Die Fachtagung verdeutlichte die vielschichtigen Herausforderungen, mit denen migrantische Familien in Deutschland konfrontiert sind. In den verschiedenen Vorträgen, Diskussionen und Workshops wurde deutlich, dass strukturelle Benachteiligungen, Diskriminierung und fehlende Unterstützungssysteme weiterhin zentrale Probleme darstellen. Besonders die Themen Rassismus, Armut, Alleinerziehende und die psychischen Belastungen durch die aktuelle politische Situation wurden intensiv beleuchtet. 


Ein zentrales Ergebnis der Veranstaltung ist die Notwendigkeit einer gesamtgesellschaftlichen Verantwortung bei der Bekämpfung von Diskriminierung und sozialer Ungleichheit. Zugang zu Familienbildung, psychologischer Unterstützung und diskriminierungssensibler Gesundheitsversorgung wurden als essenzielle Maßnahmen zur Stärkung betroffener Familien herausgestellt. Gleichzeitig wurde betont, dass der Zugang zu Bildungs- und Sozialleistungen für migrantische Familien erheblich erleichtert werden muss.


Die Veranstaltung zeigte auch auf, dass migrantische Communities und Solidaritätsnetzwerke eine wichtige Ressource für Familien darstellen. Ihre Unterstützung sollte durch politische Maßnahmen weiter gestärkt werden, um Resilienz und Chancengleichheit zu fördern.

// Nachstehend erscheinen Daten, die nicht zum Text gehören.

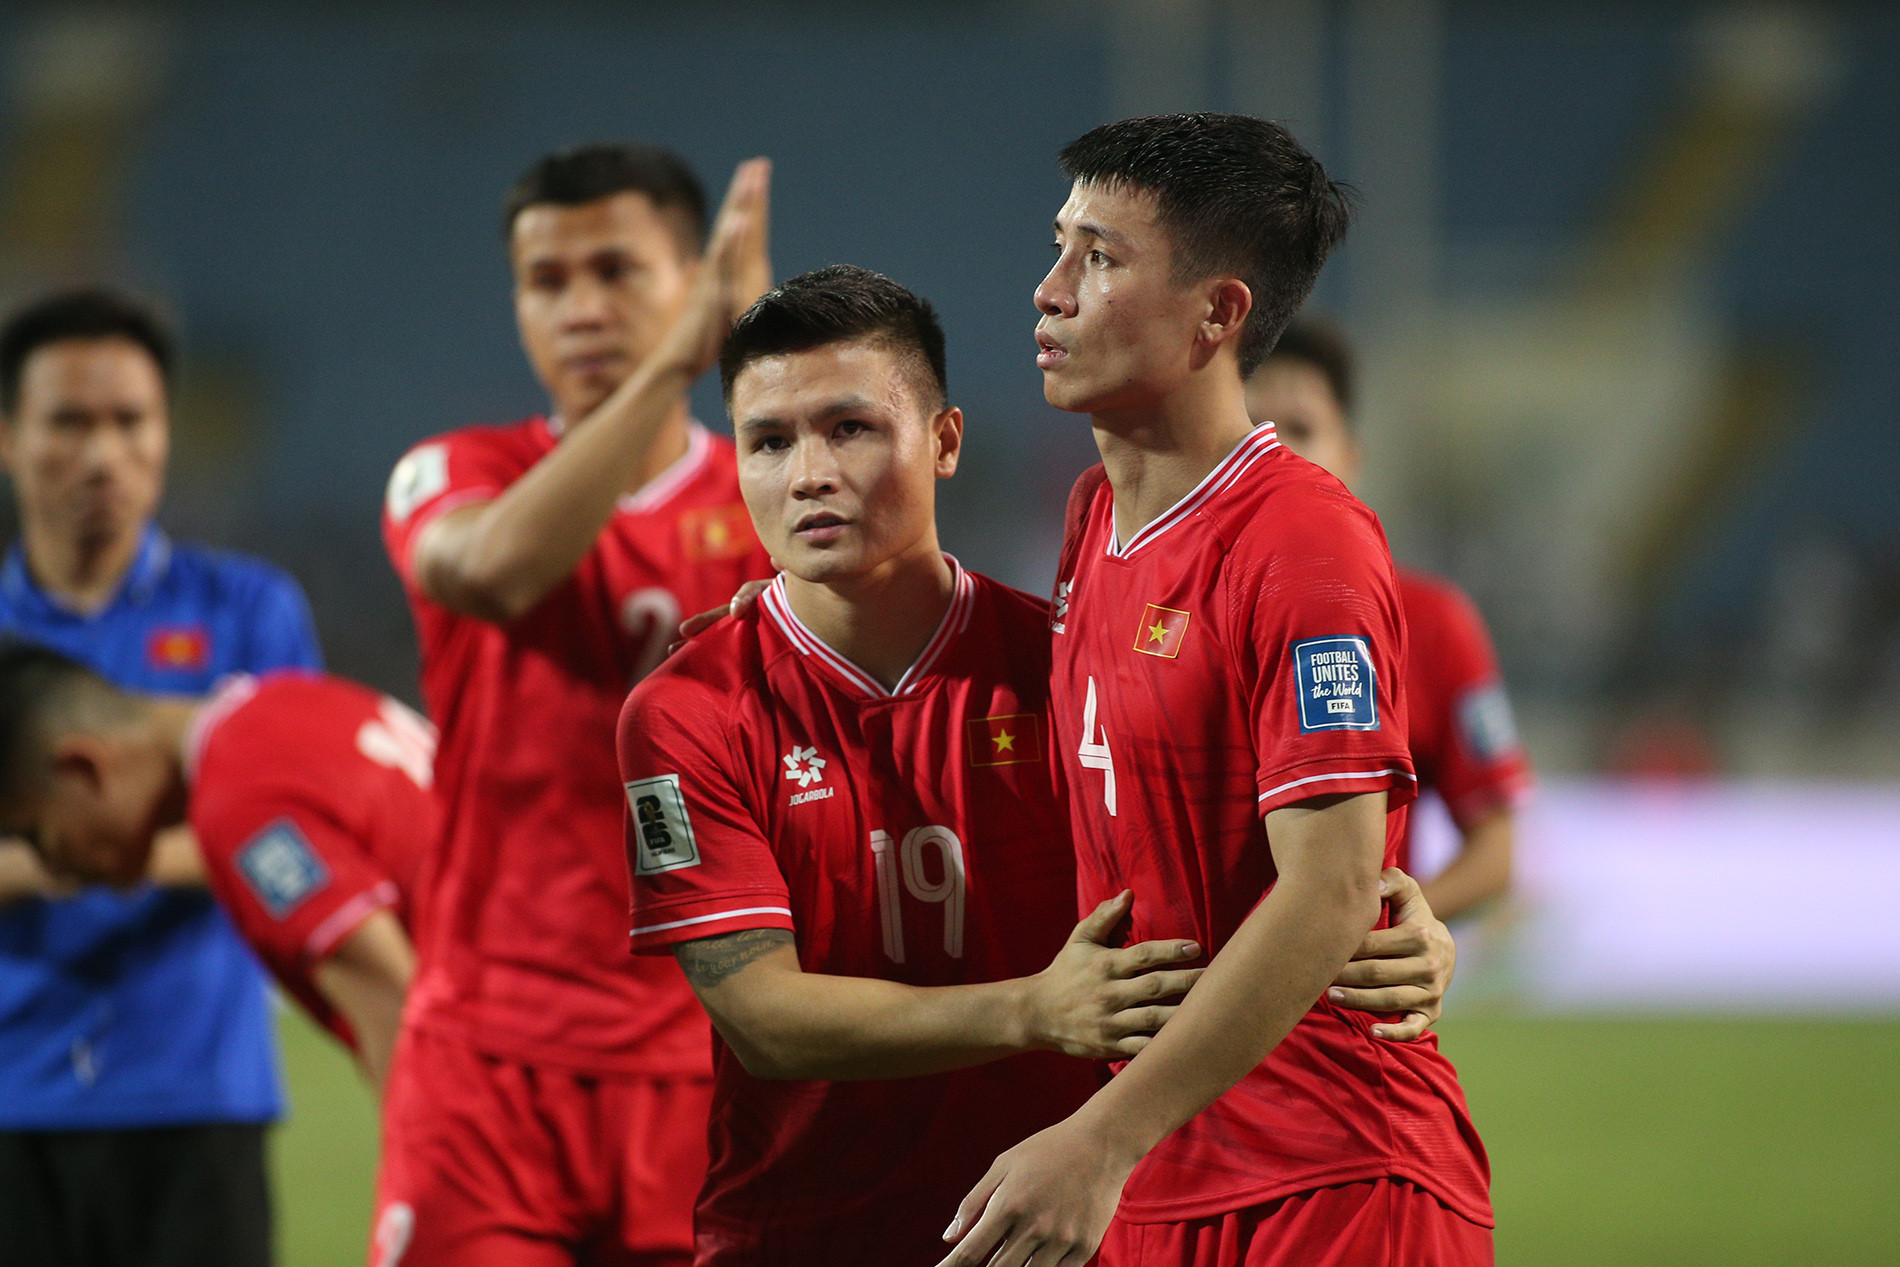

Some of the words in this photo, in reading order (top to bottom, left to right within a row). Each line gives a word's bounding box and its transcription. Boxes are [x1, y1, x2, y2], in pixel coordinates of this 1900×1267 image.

Insgesamt wurde deutlich, dass die bestehenden Herausforderungen nicht isoliert betrachtet werden dürfen. Vielmehr erfordert es eine koordinierte und nachhaltige Zusammenarbeit zwischen Politik, Zivilgesellschaft und Fachkräften, um langfristige Verbesserungen zu erreichen. Die Veranstaltung hat einen wichtigen Beitrag dazu geleistet, diesen notwendigen Diskurs weiter voranzutreiben und konkrete Handlungsansätze zu entwickeln.